Most of the games discussed in this series have been games with a clear language application. Today, I’m departing a bit from that and talking about how to use Uno by Mattel as a “stealth” therapeutic tool in speech therapy.
Variants/Expansions: Uno is a huge franchise with many, many variants, including Uno Attack, Uno Stacko, Uno Spin, Uno Dice, and Uno Dominos – not to mention all the themed Uno decks (Harry Potter, Star Trek, Hello Kitty)…
General Overview: For those of you who are unfamiliar with one of the world’s most popular family games, Uno is a card game in which 2-10 players try to play all the cards in their hand by matching the color or number of a card in their hand with the card most recently played (so a player could play any blue card or any 4 on a Blue 4). If you can’t play, you must draw a card, and if you forget to yell “Uno!” when you get down to one card in your hand, you must also draw cards. The first player to zero cards wins.
- Color Identification – You need to be able to identify (or at least match) red, yellow, blue, and green to play the game successfully.
- Number Identification – As above but with numbers zero through nine.
- Following/Remembering Directions – If you ever want to get down to zero cards, you need to remember to say “Uno” when you get down to one.
- Divided Attention – This game is probably the simplest game for supporting divided attention out there – while you’re trying to determine your next move, you’re also trying to catch your opponents forgetting to say “Uno” when they’re down to one card.
- Simple Directions: Play a card that matches or draw a card. If you have one card left, say “Uno”. Teachable in less than a minute.
- Literacy free: Sure, the numbers are technically literacy, but there are no words that need to be read. Even Wild and Draw Two cards are identifiable via icons rather than text.
- Engaging: This game is a game that most of my students would play every day if I let them (and with some of them, I do – see below).
- Familiar: Most of my students have already played this game at least once before I introduce it, making it an easy transition game for new speech students.
- Therapist Participation: This is an easy enough game that the therapist can play with the students at their level, engaging them more directly.
- Unforgiving Rules: A student who has a hard time remembering the “Uno” rule will never win this game unmodified. Ever. This can get very frustrating unless the rules are modified.
- Lengthy Endgame: Uno ends when you’re able to match the one card in your hand with the color or number of the last card played.

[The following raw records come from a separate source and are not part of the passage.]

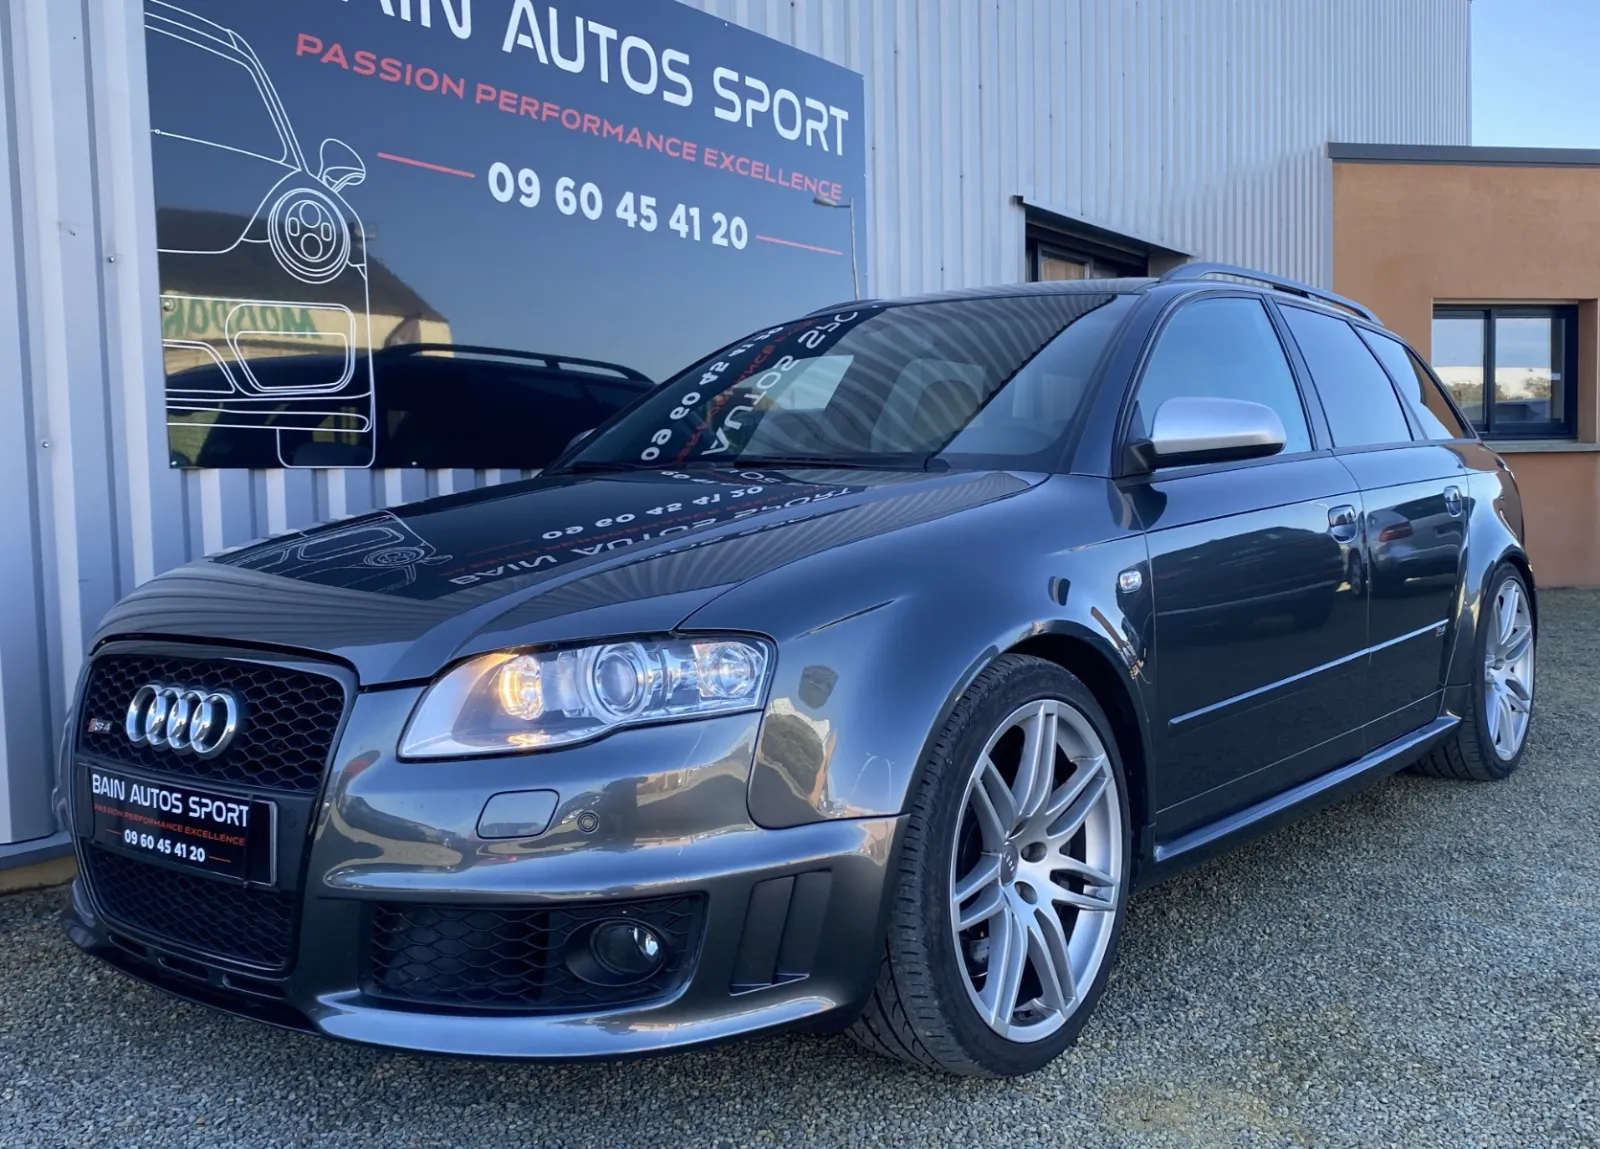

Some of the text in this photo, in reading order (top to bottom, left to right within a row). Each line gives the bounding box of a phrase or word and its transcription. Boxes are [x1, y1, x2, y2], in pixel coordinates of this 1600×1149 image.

[502, 0, 849, 156] AUTOS SPORT
[295, 33, 842, 200] PASSION PERFORMANCE EXCELLENCE
[488, 162, 748, 250] 09 60 45 41 20
[92, 774, 249, 827] BAIN AUTOS SPORT
[94, 803, 245, 846] PASSION PERFORMANCE EXCELLENCE
[124, 829, 206, 862] 09 60 45 41 20

That gives you slightly more than a 25% chance of being able to win on your turn. It’s amazing how long it can take for that 25% chance to work out sometimes.
- Hidden Information: Because you keep your cards secret from the other players, it’s possible for a student who misses a card or can’t match a number to draw many cards before realizing they can play what’s already in their hand. Worse, a student who wants to be silly and sabotage the game by claiming they don’t have a matching card when they do can extend the game nearly indefinitely.
- Verbal Output: This is one of my favorite casual articulation games – if you require your students to say the color and number of each card they’re playing, every student is producing at least one /r/ or /l/ every time he or she plays a card, and usually more than one. Even better, it’s in a context that is spontaneous and allows for easy correction without disruption.
- “Uno” Reminder: Allowing one or more reminders for each player to say “Uno” can help reinforce the rule and stop a student who can’t remember the rule from getting stuck drawing every time they’re about to win.
- Therapist Observer: Uno’s a great game because the therapist can play with the students, but if you suspect that students are missing cards that match or saying they can’t match the card in play when they can, it’s easy to take an observatory role, making sure students are following the rules and even giving them some ideas about strategy.
- Using Uno as a reward during other games or drilling activities works well as a reinforcement or engagement tool, especially if your students are working on generalizing a learned skill.
All in all, I find Uno to be a good tool on an “off” day (assemblies, dress-down, standardized testing), and it can be creatively applied directly to speech and language skills as well.
Has anyone else had experience using this game in therapy? How useful has it been? What other uses and modifications have you used?